Marita Lorenz, Tochter des aus Bad Münster am Stein stammenden Kapitän Lorenz, hat in ihrem Buch „Lieber Fidel“ anschaulich beschrieben, wie es in den 60er Jahren beim US-Geheimdienst zuging: Die damals 19Jährige hatte 1959 eine Affaire mit dem kubanischen Revolutionär Fidel Castro, wurde ein knappes Jahr später zwecks einer Zwangsabtreibung verschleppt, später von der CIA rekrutiert und nach Kuba zurückgeschickt, um Castro zu ermorden. Die dazu nötigen Giftpillen versteckte sie in einem Creme-Tigelchen. Nachdem sie es nicht fertiggebracht hatte, den Mann ihres Herzens zu meucheln, wurde sie vom Geheimdienst in immer neue Aktionen gebunden, kannte unter anderem auch den Mörder Kennedies, Lee Harvey Oswald.

Mulholland hat in seinem Buch ein ganzes Kapitel den Besonderheiten bei Frauen, sprich: weiblichen Agenten gewidmet. Darin kommt auch das Thema Kosmetik ausführlich vor. John Mulholland hatte übrigens auch dezidierte Meinungen zu Themen wie Hypnose oder Hellsehen – letzteres mündete einige Jahrzehnte später in das CIA-Projekt Remote Viewing.

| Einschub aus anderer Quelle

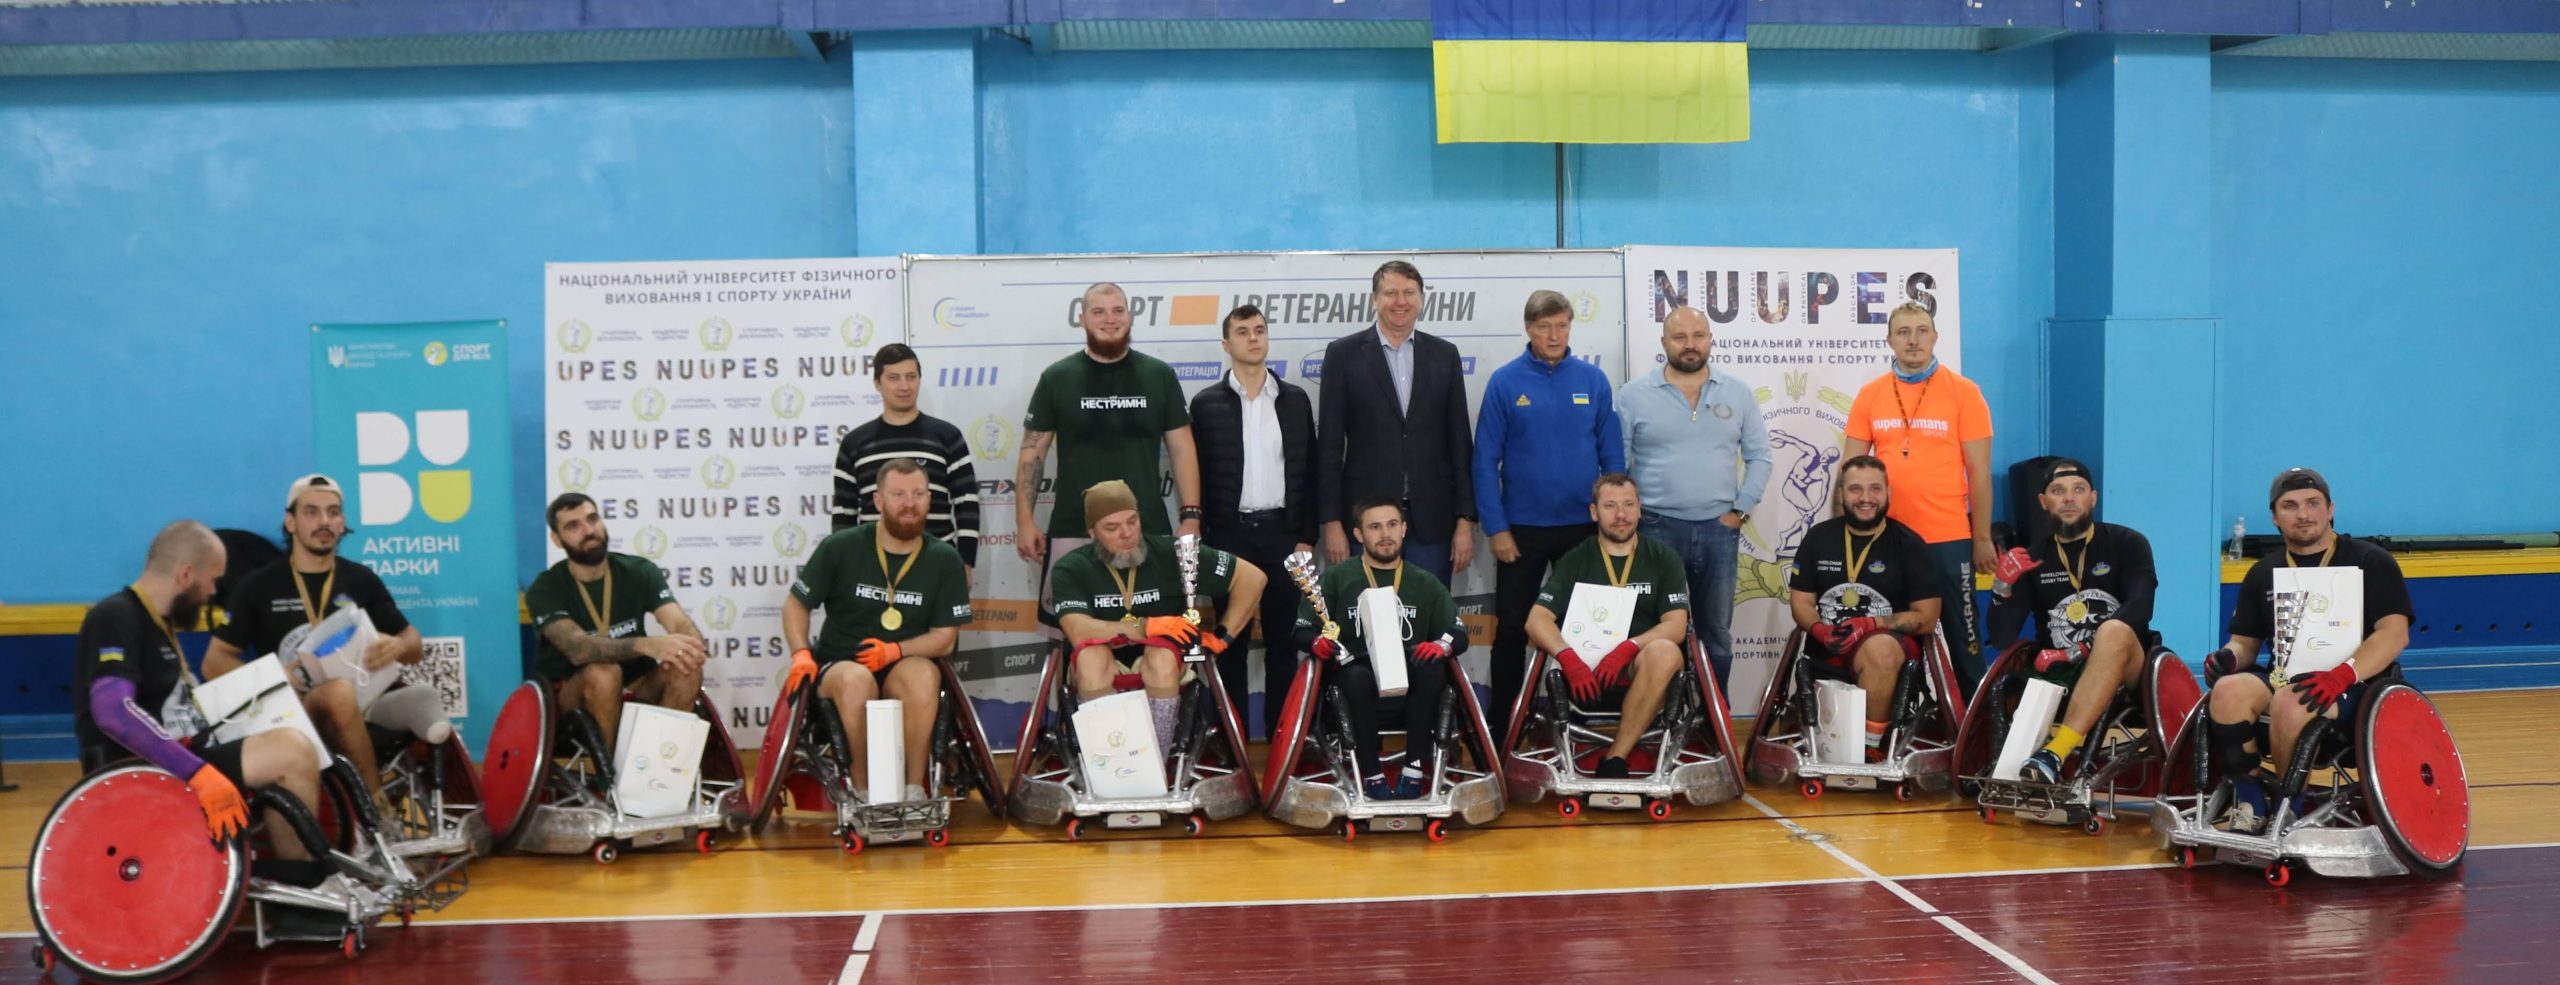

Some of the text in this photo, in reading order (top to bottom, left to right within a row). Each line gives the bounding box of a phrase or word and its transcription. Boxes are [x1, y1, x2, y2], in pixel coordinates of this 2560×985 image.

[559, 268, 896, 290] НАЦІОНАЛЬНИЙ УНІВЕРСИТЕТ ФІЗИЧНОГО
[605, 287, 852, 305] ВИХОВАННЯ І СПОРТУ УКРАЇНИ
[1654, 269, 1937, 325] NUUPES
[1068, 295, 1164, 328] СРТ
[1801, 312, 1807, 324] ON
[1710, 336, 1888, 351] АЦІОНАЛЬНИЙ УНІВЕРСИТЕТ
[1737, 354, 1814, 365] ВИХОВАННЯ
[1828, 354, 1877, 365] СПОРТУ
[557, 360, 638, 382] UPES
[657, 357, 780, 381] NUUPES
[1176, 365, 1219, 379] НТЕГРАЦІЯ
[1080, 398, 1147, 410] НЕСТРИМНІ
[1763, 406, 1811, 424] ІЗИЧНОГО
[589, 427, 711, 451] NUUPES
[659, 495, 781, 519] NUUPES
[363, 535, 461, 555] АКТИВНІ
[362, 558, 440, 577] ПАРКИ
[1094, 591, 1160, 608] НЕСТИМНІ
[1960, 562, 1976, 642] UKRAINE
[1459, 604, 1484, 615] ПОРТ
[1004, 653, 1037, 668] СПОРТ
[1735, 651, 1781, 660] ПОРТИВН
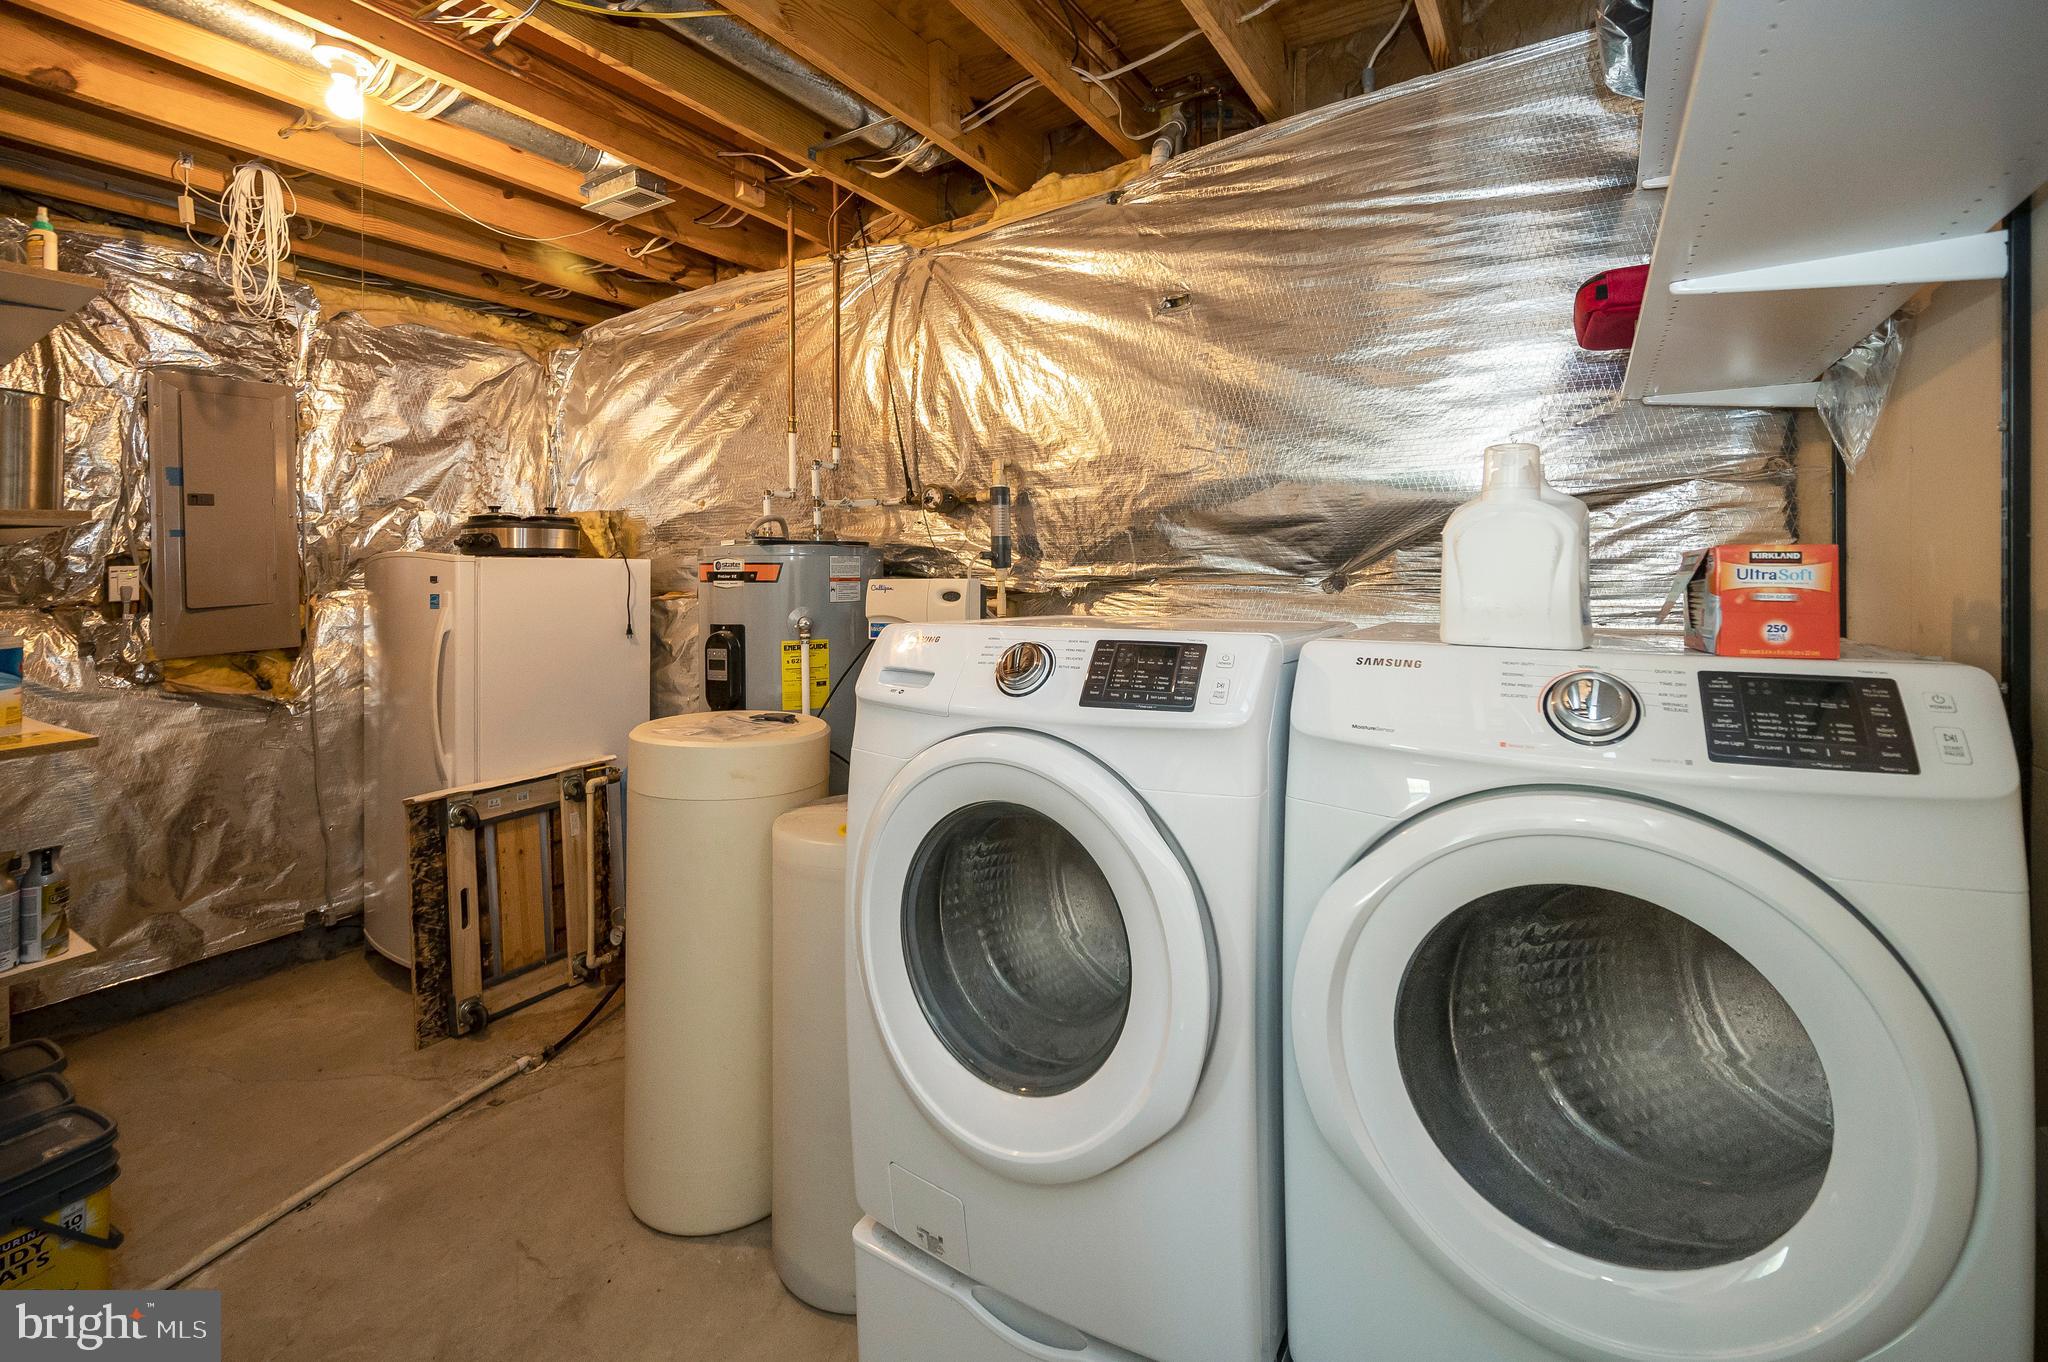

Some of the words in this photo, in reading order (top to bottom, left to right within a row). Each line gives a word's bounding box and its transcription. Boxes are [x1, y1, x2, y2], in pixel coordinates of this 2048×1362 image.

[870, 584, 894, 593] Culligan
[1766, 624, 1788, 633] 250
[1356, 656, 1422, 668] SAMSUNG
[64, 1214, 82, 1230] 10
[2, 1230, 40, 1252] URIN

Sein großes Vorbild, Jean Robert Houdin, der „große Houdini“, hatte sich bereits im 19. Jahrhundert einen Namen beim französischen Geheimdienst gemacht, der sich mit Aufständen im kolonialisierten Algerien herumschlug. Houdin überzeugte die Algerier mit Hilfe von Zaubertricks erfolgreich von der französischen Übermacht.

Ganz in diesem Sinne agierte auch der britische Zauberer Jasper Maskelyne, dem der deutsche „Wüstenfuchs“, Generalfeldmarschall Rommel die entscheidende Niederlage bei El Alamein zu verdanken hat. Maskelyne, der einer britischen Illusionisten-Familie entstammt, täuschte die Deutschen immer wieder in großem Stil. So verhinderte er beispielsweise die Zerstörung einer großen Zahl alliierter Kriegsschiffe im Hafen von Alexandria, indem er eine täuschend ähnliche „Doublette“ des Hafens einige Kilometer weiter etablierte. Durch Licht-Spiegelungen tarnte er den Suez-Kanal erfolgreich vor den nächtlichen Angriffen auf dort verkehrende Versorgungsschiffe und hielt so die Nachschubwege für die Alliierten offen. Vor El Alamein vermittelte er den Deutschen, General Montgommery wolle aus Süden angreifen. Tatsächlich kamen dessen Truppen dann jedoch aus Norden und schlugen die Deutschen vernichtend. Um Panzer zu verstecken, „verpackte“ Maskelyne sie täuschend echt als harmlose Lkw. Er vergaß dabei nicht einmal, die Kettenspuren, die man vielleicht von oben im Sand hätte erkennen können, durch Reifenspuren zu ersetzen… In Youtube gibt es eine dreiteilige Video-Dokumentation über Maskelynes Aktivitäten. Hier Folge drei:

Nur wenige Medien haben sich die Mühe gemacht, ausführlich den Einsatz von Illusionisten für Geheimdienste zu dokumentieren. Eine Ausnahme ist hier Telepolis. Der Autor Markus Kompa hat sich gleich mehrfach damit auseinandergesetzt.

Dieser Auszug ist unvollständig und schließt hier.